**THE PROBLEM:**
With the pictures left out, output the records below exactly.

◇ ◇ ◇ ◇ ◇ ◇ ◇

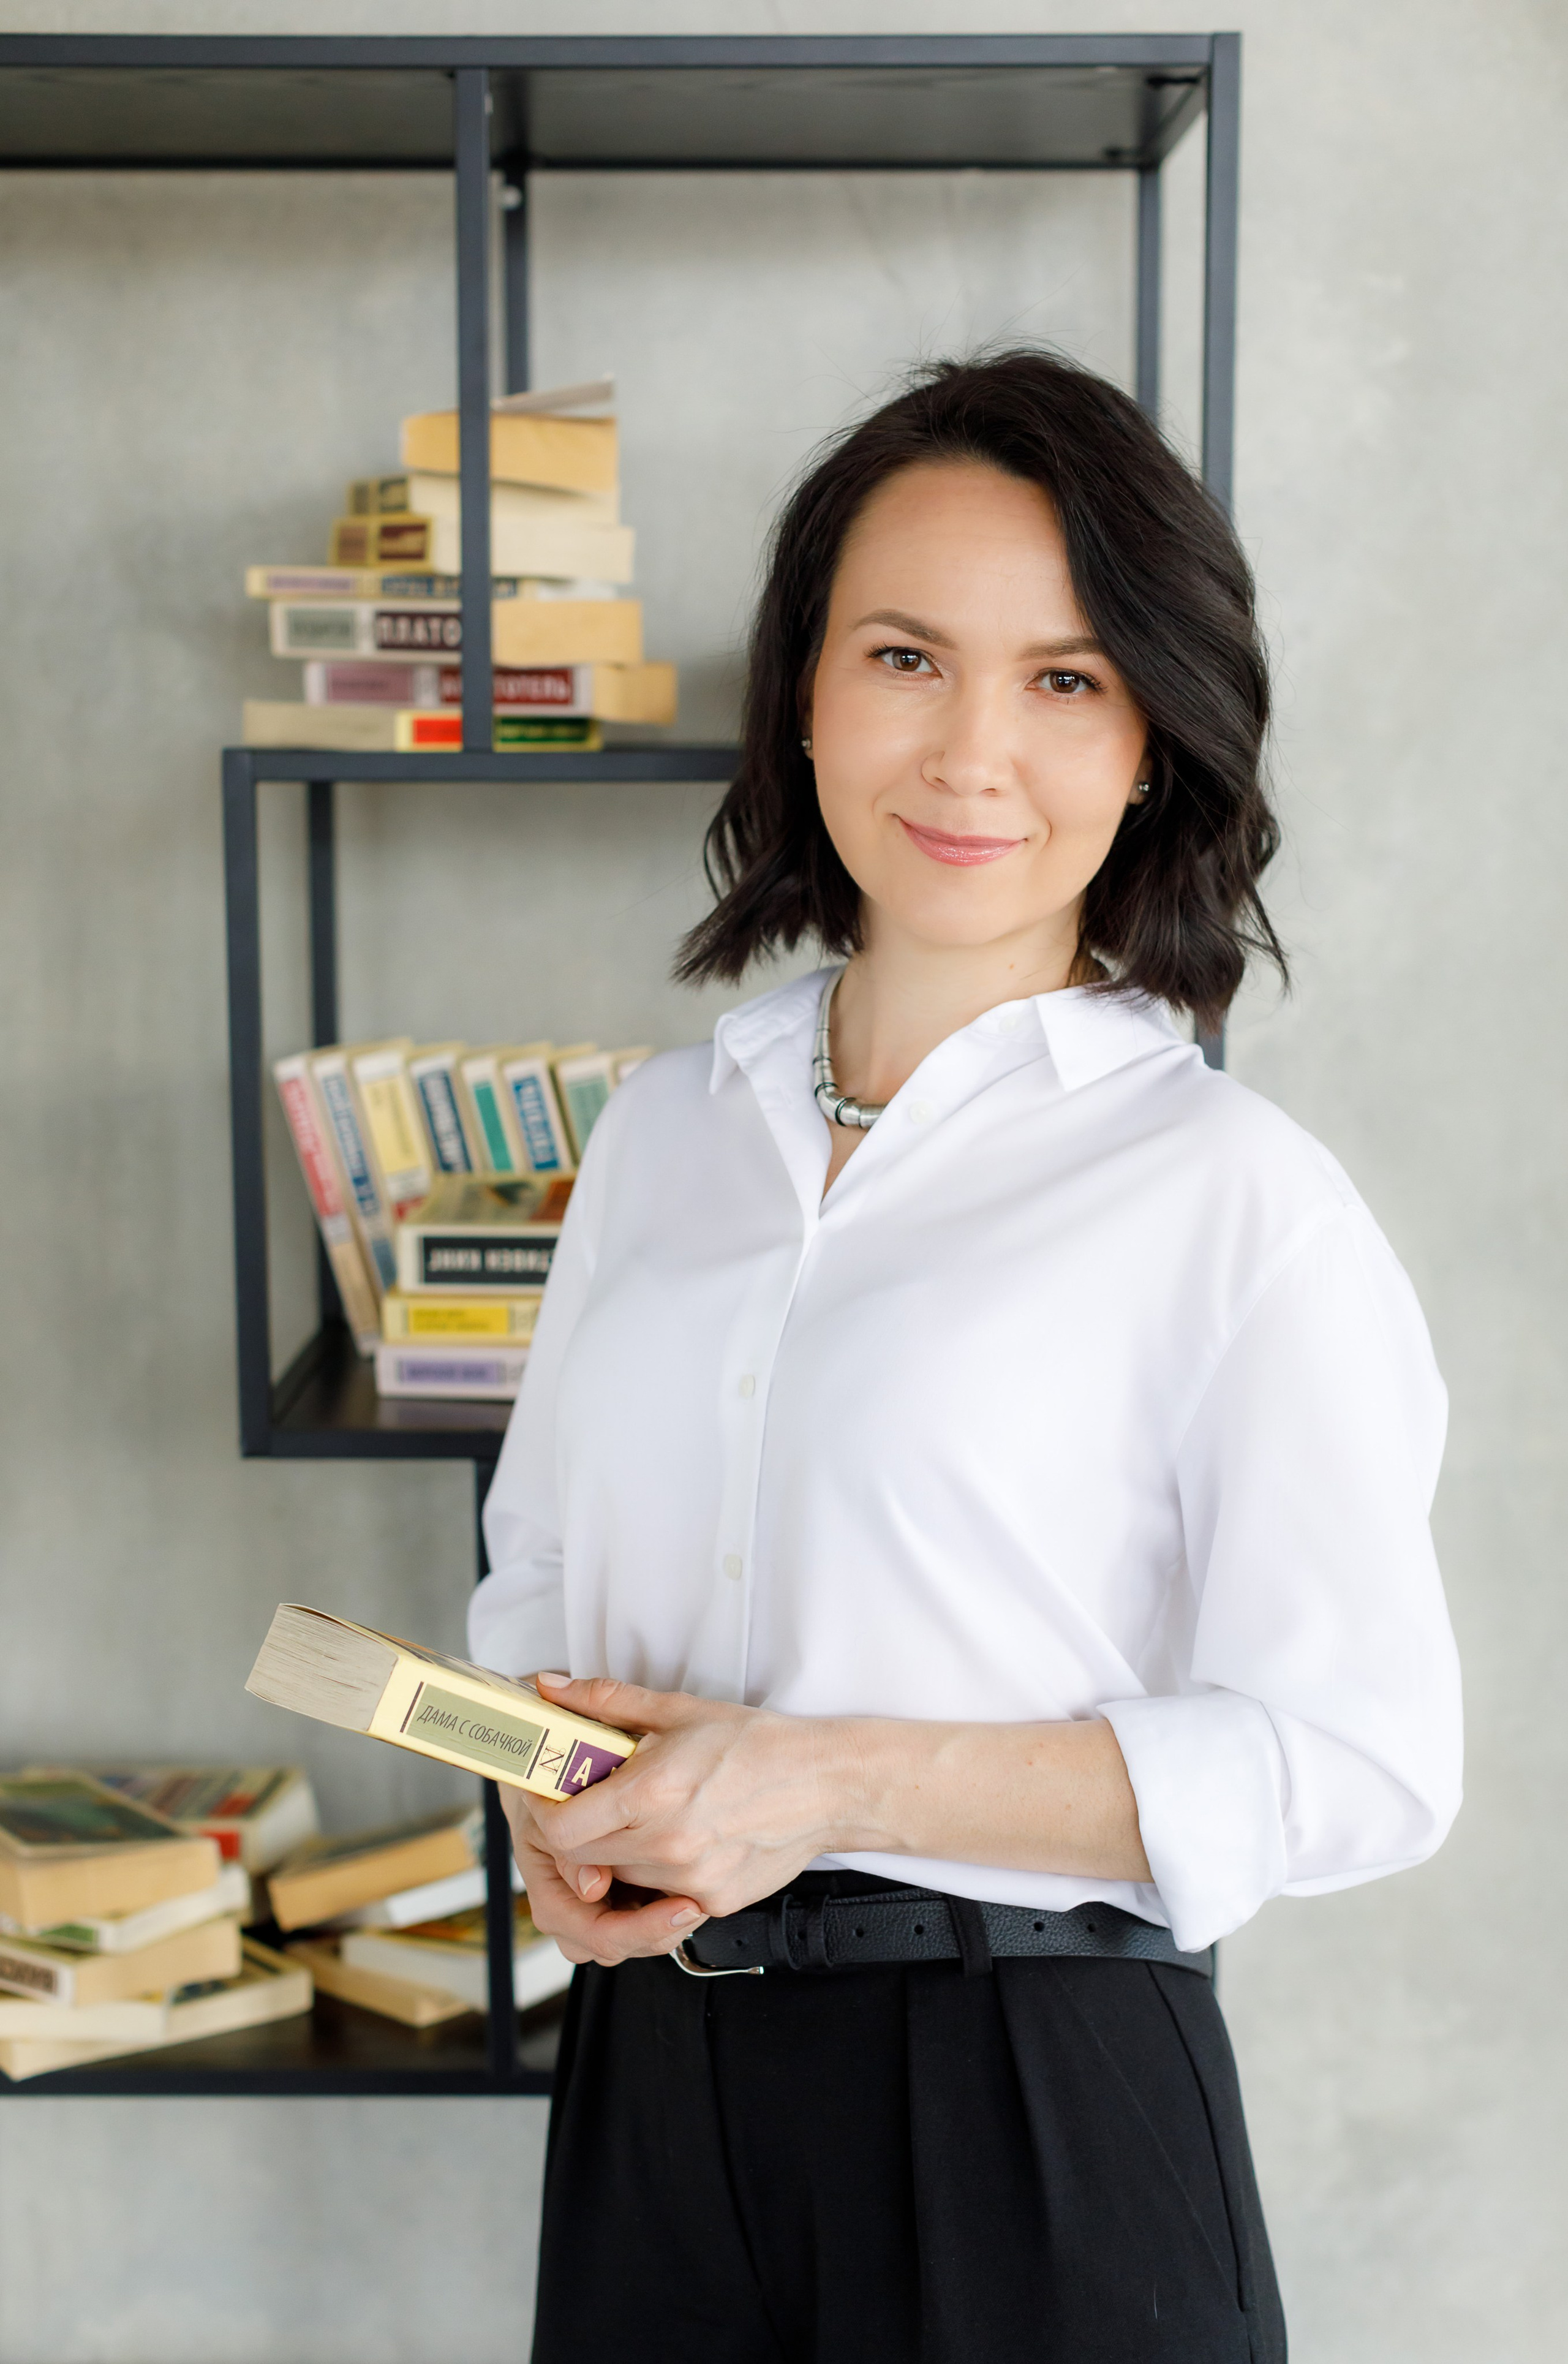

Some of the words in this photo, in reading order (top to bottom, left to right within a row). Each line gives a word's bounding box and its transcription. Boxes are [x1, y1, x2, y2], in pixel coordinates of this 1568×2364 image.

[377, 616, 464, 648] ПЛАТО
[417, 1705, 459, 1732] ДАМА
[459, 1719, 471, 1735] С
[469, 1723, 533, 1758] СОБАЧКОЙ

◇ ◇ ◇ ◇ ◇ ◇ ◇

**RESPONSE AREA:**
Some of the words in this photo, in reading order (top to bottom, left to right within a row). Each line gives a word's bounding box and its transcription. Boxes are [x1, y1, x2, y2], in pixel coordinates of this 1568×2364 image.

[377, 616, 464, 648] ПЛАТО
[417, 1705, 459, 1732] ДАМА
[459, 1719, 471, 1735] С
[469, 1723, 533, 1758] СОБАЧКОЙ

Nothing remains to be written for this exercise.